To improve the potential treatment strategies of incurable
renal cell carcinoma (RCC), which is highly resistant to
chemotherapy and
radiotherapy, the present study established a combination
therapy with immunostimulatory factor (ISTF) and anti-4-1BB
monoclonal antibodies (mAbs) to augment the antitumor response in a murine RCC model. ISTF isolated from Actinobacillus actinomycetemcomitans stimulates macrophages, dendritic cells and B cells to produce
IL-6, TNF-α,
nitric oxide and major histocompatibility complex class II expression. 4-1BB (CD137) is expressed in activated immune cells, including activated T cells, and is a promising target for
cancer immunotherapy. The administration of anti-4-1BB mAbs promoted antitumor immunity via enhancing CD11c+CD8+ T cells.

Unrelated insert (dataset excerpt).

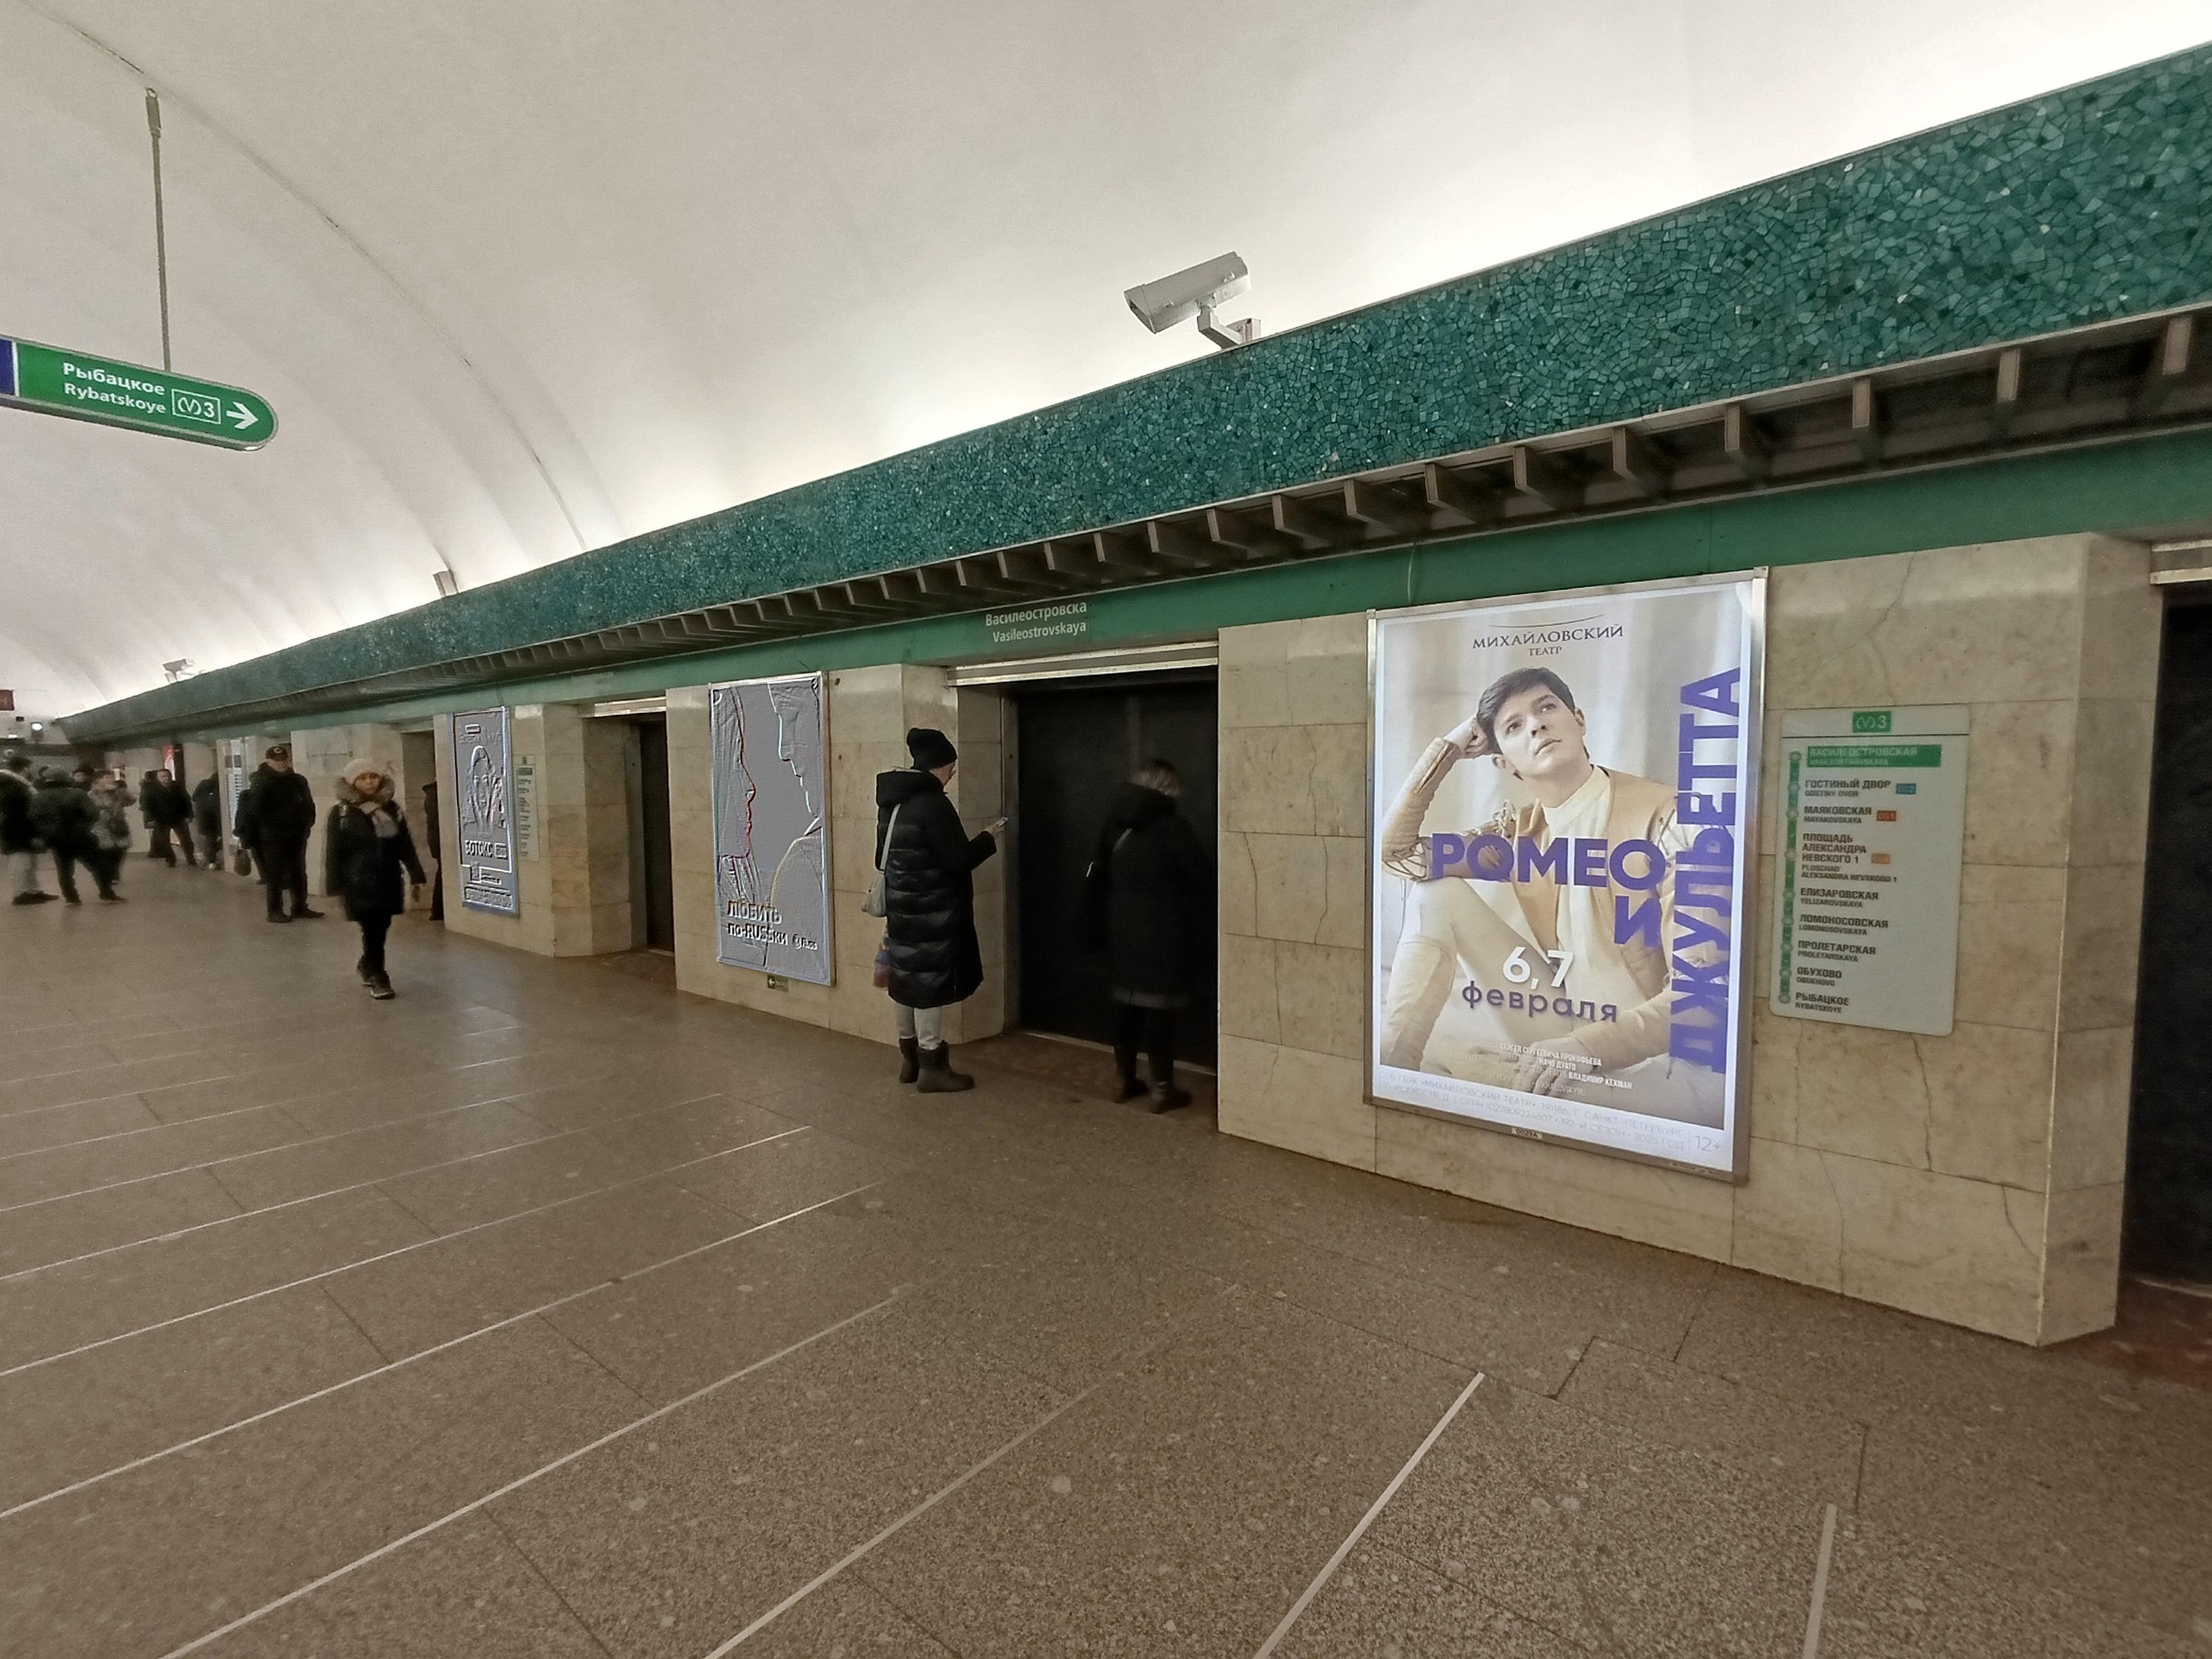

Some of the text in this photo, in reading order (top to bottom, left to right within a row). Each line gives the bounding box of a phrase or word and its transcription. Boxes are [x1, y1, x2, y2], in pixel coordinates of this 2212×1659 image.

The CD11c+CD8+ T cells were characterized by high killing activity and IFN-γ-producing ability, representing a phenotype of active effector cytotoxic T lymphocytes. The present study showed that combination
therapy with ISTF and anti-4-1BB mAbs promoted partial
tumor regression with established RCC, but monotherapy with ISTF or anti-4-1BB mAbs did not. These effects were speculated to be caused by the increase in CD11c+CD8+ T cells in the spleen and
tumor, and IFN-γ production. These insights into the effector mechanisms of the combination of ISTF and anti-4-1BB mAbs may be useful for targeting incurable RCC.